In the next few paragraphs you show me that you understand it perfectly well. It’s a vision of God’s creative activity, which God gave to an inspired writer to show the inspired writer the historical events of creation which happened long before any human lived. I see you understand this, which is a great start.
It’s one of the oldest interpretations of Genesis 1. It pre-dates the Christian era. It was held by some early Jews, and some early Christians. It isn’t Gap or Literary Framework or any variation. It is about God showing a vision of the historical events of creation, to an inspired writer.
The infographic provided more detail (yes all the infographics I post are my own work), and cited a couple of books which also describe it. But it’s clear you understand it, so that’s good.
God gave it to a human observer, as my infographic said. The observer was most likely Daniel, as I said previously (and as you quoted me saying, so I don’t know why you asked this question). It’s not labeled as a vision, just like many visions in the Bible are not labeled as visions. For the other questions, see here and follow the link.
Yep you do. You already described it well.
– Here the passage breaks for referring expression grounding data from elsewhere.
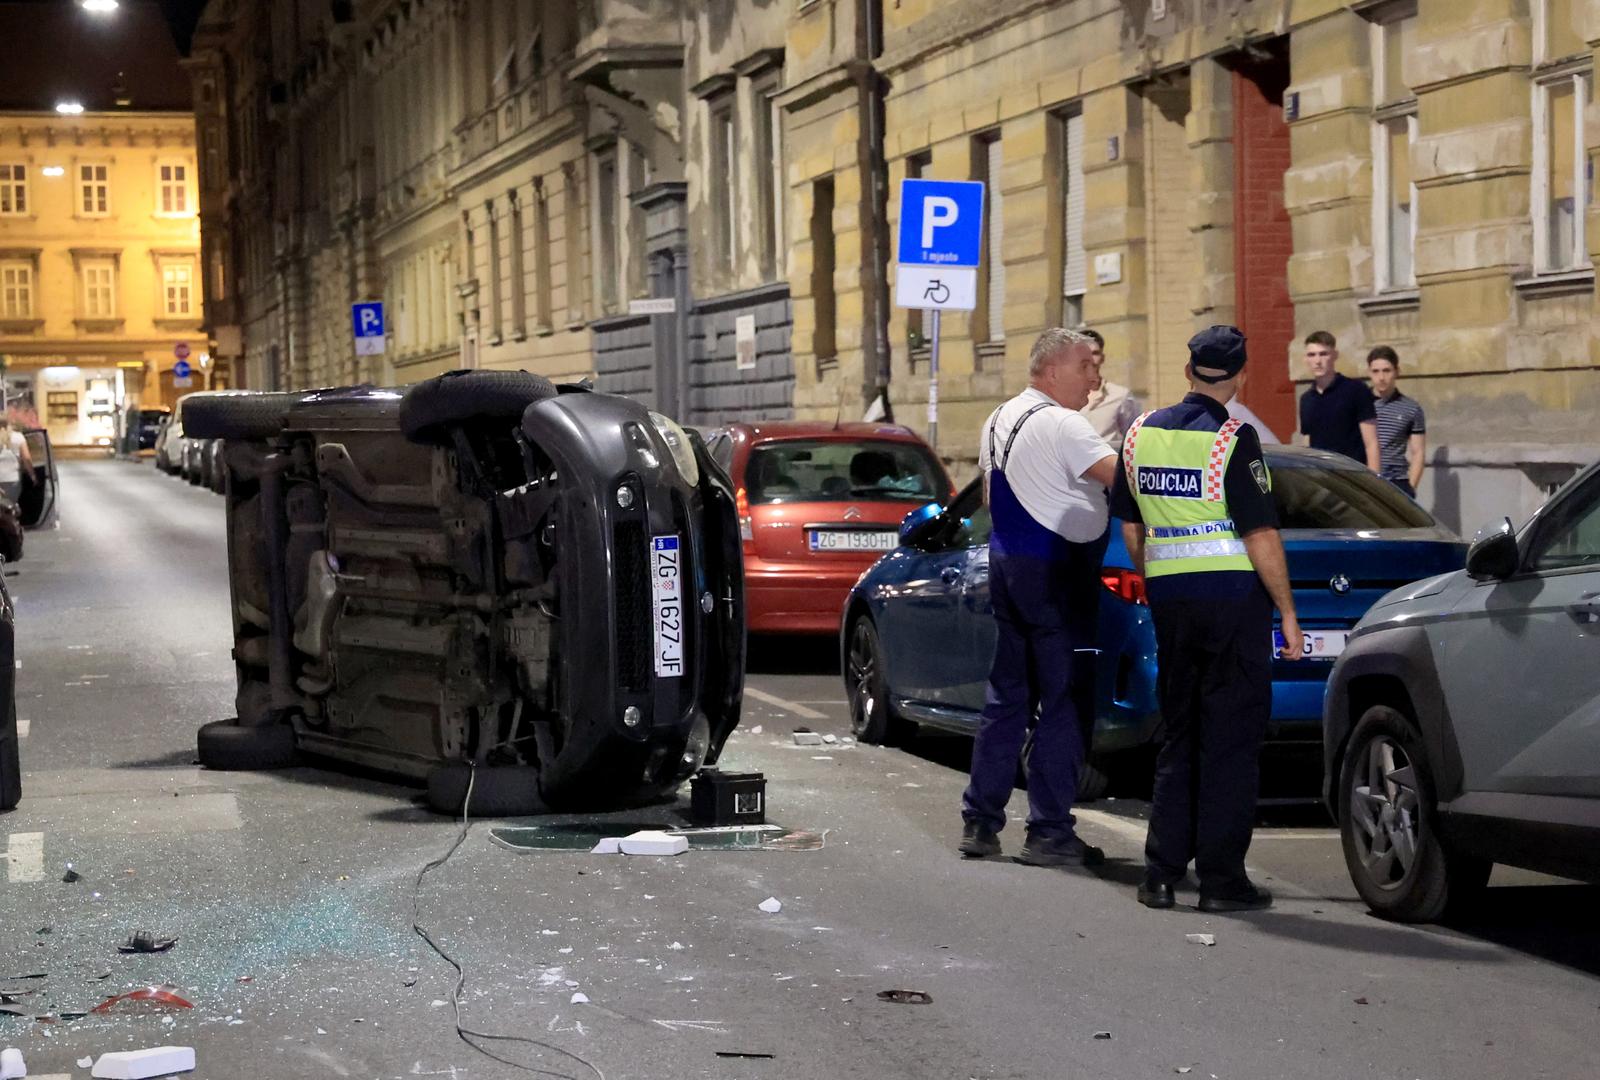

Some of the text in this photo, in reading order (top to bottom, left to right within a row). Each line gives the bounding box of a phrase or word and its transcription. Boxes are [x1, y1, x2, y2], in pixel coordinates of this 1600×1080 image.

[921, 195, 959, 249] P
[360, 308, 376, 332] P
[1139, 471, 1199, 493] POLICIJA
[820, 532, 836, 548] ZG
[658, 552, 677, 578] ZG
Because you need to understand that Genesis 1 was written at around the same time as those passages of Exodus, and since they are citing Genesis 1 we need to start by understanding what Genesis 1 is saying. Those passages are not explicating Genesis 1, they assume we already know what Genesis 1 means. So we need to start by determining what Genesis 1 means. There’s no need for those passages to talk about a vision, we can read them in a perfectly straightforward way as referring to historical activity which was observed by a divine writer (in a vision).
If you think that anything referred to in poetry can’t be history, or anything in a vision cannot be history, or anything in a song can’t be history, then you’re going to have to pull a lot of history out of the Bible. So do you agree with me that poetry, vision, and song can refer to actual historical events, and that God can reveal or record historical events through poetry, vision, and song?
As I’ve pointed out, they aren’t problematic at all. There were early Jewish and Christian commentators who took these passages perfectly seriously and still didn’t believe in a literal six day creation of the entire universe… And if the book of Genesis wasn’t in the Bible these passages would not be in the Bible either.